Available records:
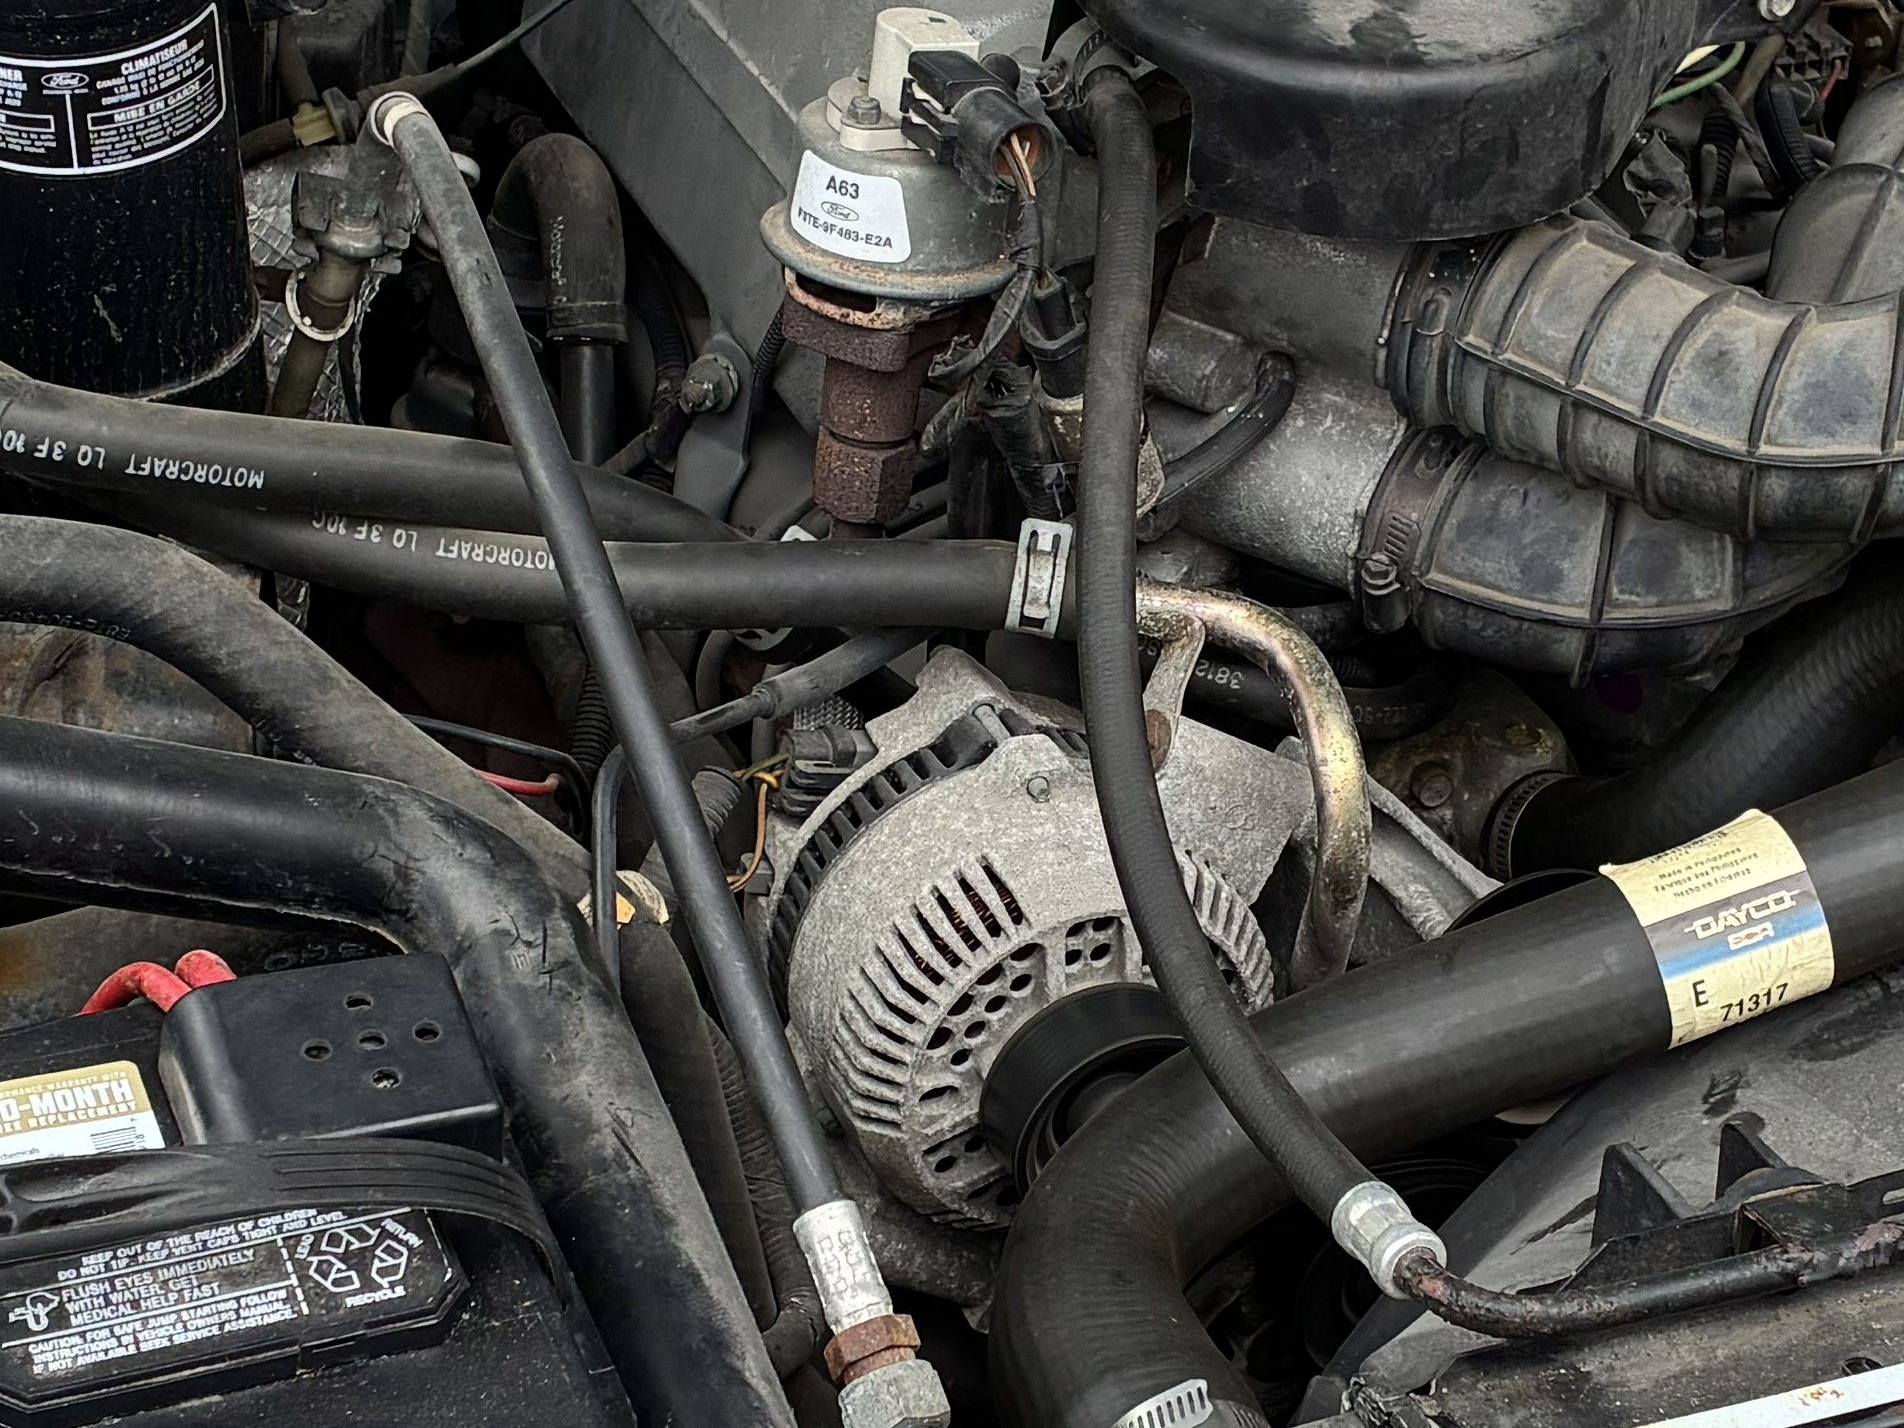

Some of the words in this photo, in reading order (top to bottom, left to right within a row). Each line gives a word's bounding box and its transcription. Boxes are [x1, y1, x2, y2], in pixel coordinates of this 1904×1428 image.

[825, 175, 860, 200] A63
[124, 451, 265, 491] MOTORCRAFT
[1686, 889, 1799, 939] DAYCO
[1692, 979, 1709, 1008] E
[1720, 982, 1790, 1022] 71317
[61, 1280, 111, 1303] FLUSH
[114, 1270, 153, 1291] EYES
[157, 1247, 256, 1281] IMMEDIATELY
[65, 1294, 105, 1314] WITH
[168, 1273, 199, 1292] GET
[69, 1301, 136, 1327] MEDICAL
[139, 1291, 179, 1311] HELP
[182, 1282, 221, 1301] FAST
[345, 1284, 407, 1308] RECYCLE

Task requirements: Pictures stay out; everything else in the listing above is to be repeated exactly.

Result:
Some of the words in this photo, in reading order (top to bottom, left to right within a row). Each line gives a word's bounding box and its transcription. Boxes are [x1, y1, x2, y2], in pixel coordinates of this 1904×1428 image.

[825, 175, 860, 200] A63
[124, 451, 265, 491] MOTORCRAFT
[1686, 889, 1799, 939] DAYCO
[1692, 979, 1709, 1008] E
[1720, 982, 1790, 1022] 71317
[61, 1280, 111, 1303] FLUSH
[114, 1270, 153, 1291] EYES
[157, 1247, 256, 1281] IMMEDIATELY
[65, 1294, 105, 1314] WITH
[168, 1273, 199, 1292] GET
[69, 1301, 136, 1327] MEDICAL
[139, 1291, 179, 1311] HELP
[182, 1282, 221, 1301] FAST
[345, 1284, 407, 1308] RECYCLE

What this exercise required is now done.